### What to produce
Each entry should be repeated exactly. Its pictures should not be.

Stored data
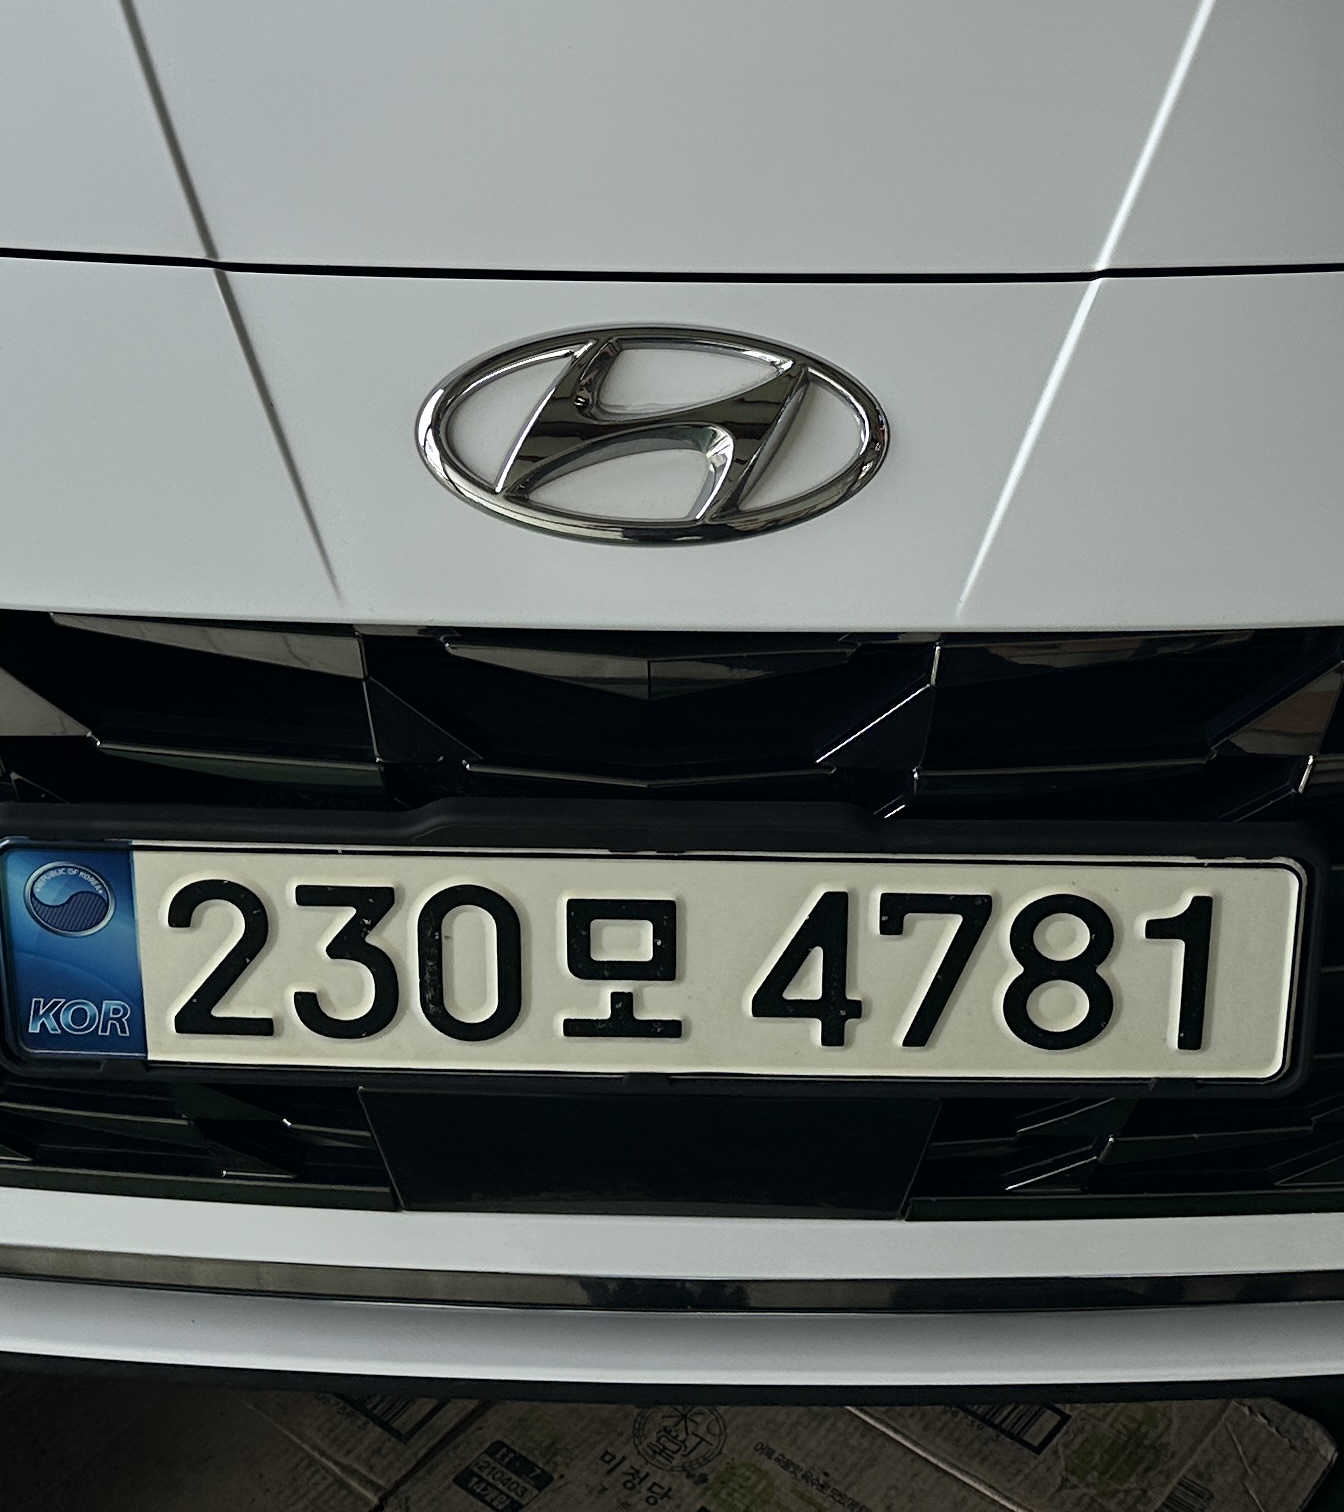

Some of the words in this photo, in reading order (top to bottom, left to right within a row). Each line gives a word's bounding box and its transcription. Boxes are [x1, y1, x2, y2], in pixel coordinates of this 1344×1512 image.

[166, 880, 684, 1041] 230모
[750, 890, 1217, 1051] 4781
[27, 997, 131, 1037] KOR
[477, 1460, 529, 1498] 210403
[599, 1449, 673, 1506] 미정당
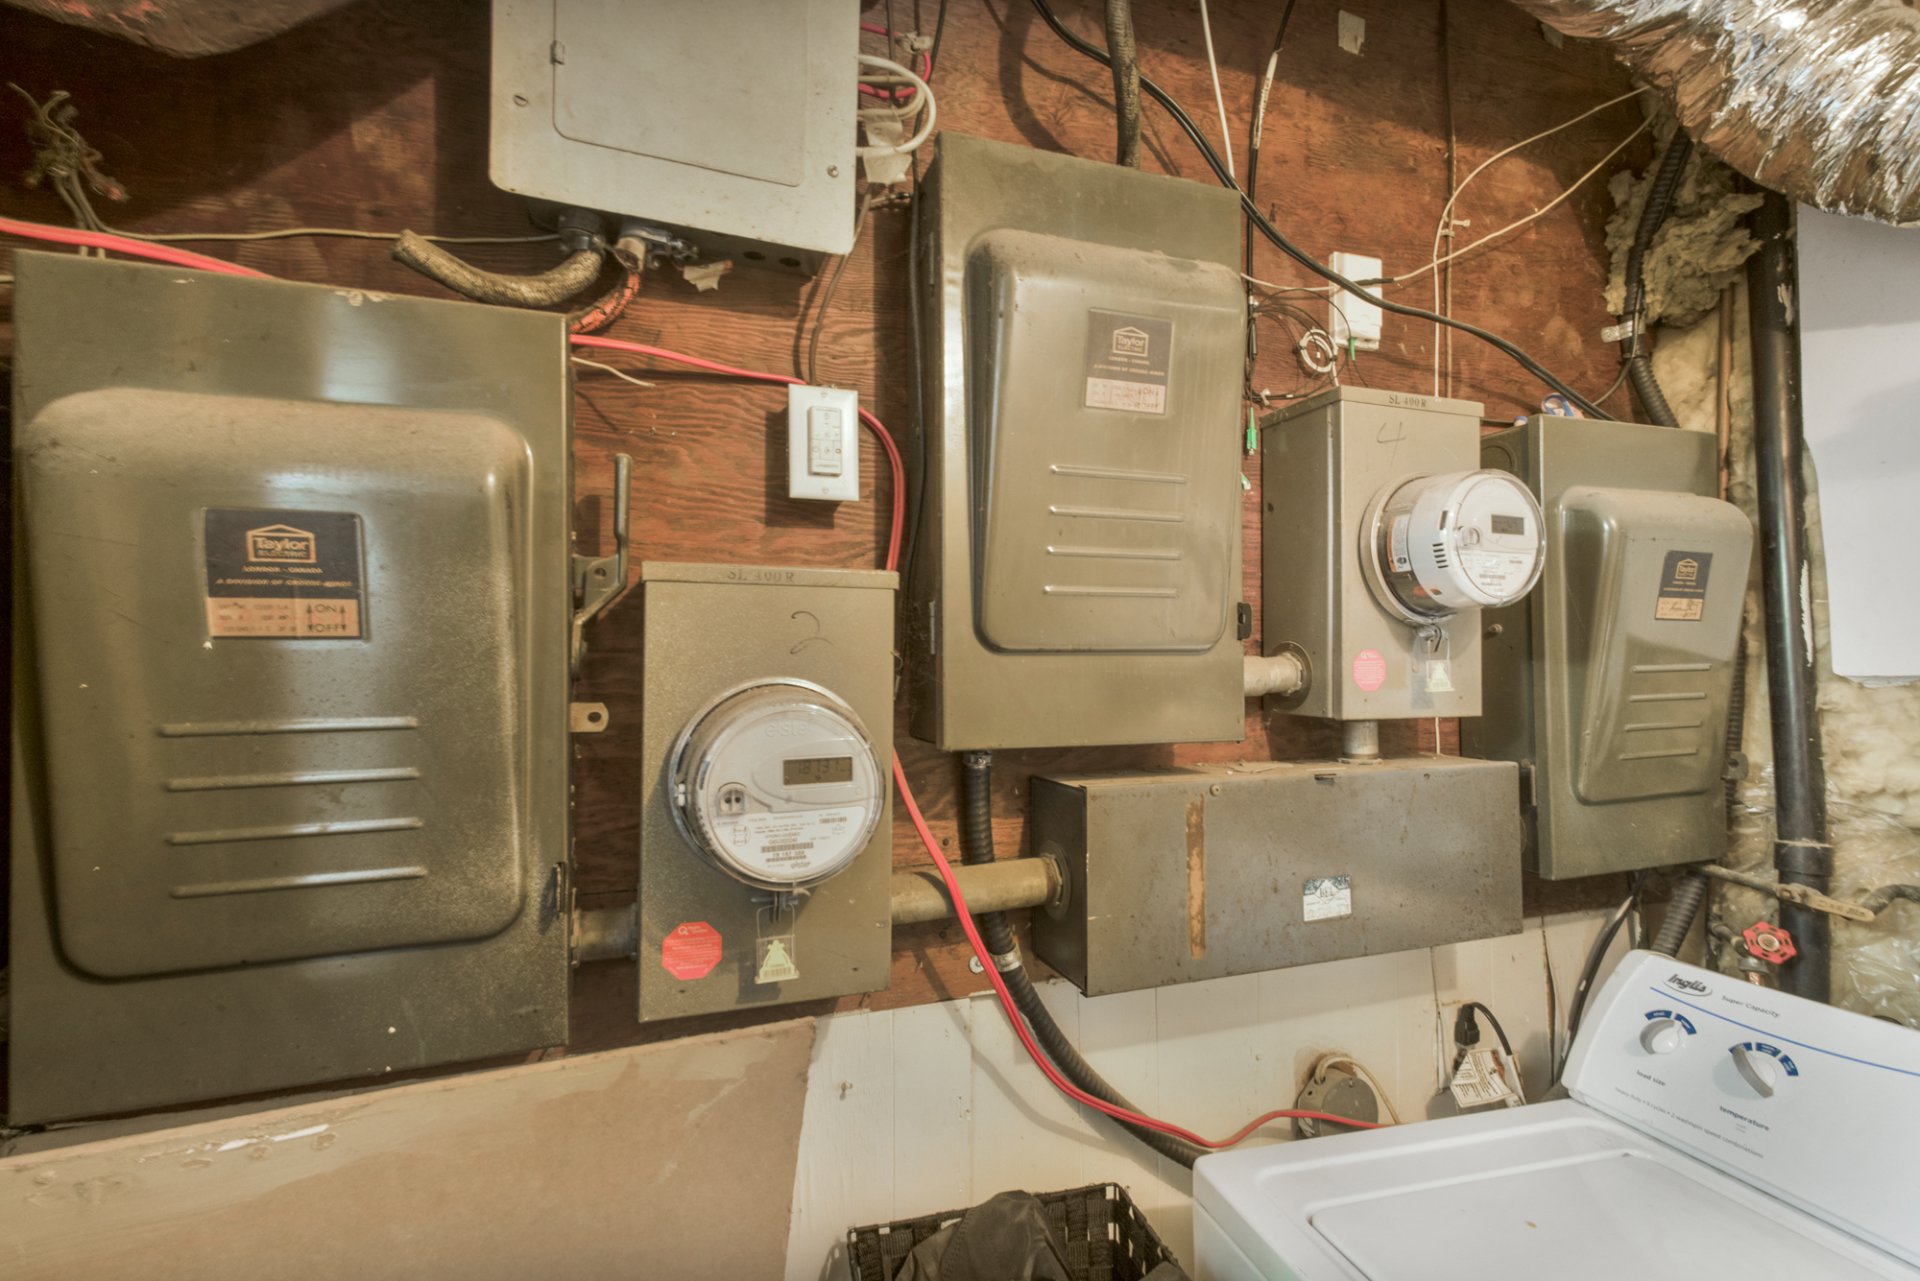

### Response for this exercise
Some of the words in this photo, in reading order (top to bottom, left to right within a row). Each line gives a word's bounding box and its transcription. Boxes are [x1, y1, x2, y2], in pixel coordinates of this 1344×1512 image.

[166, 880, 684, 1041] 230모
[750, 890, 1217, 1051] 4781
[27, 997, 131, 1037] KOR
[477, 1460, 529, 1498] 210403
[599, 1449, 673, 1506] 미정당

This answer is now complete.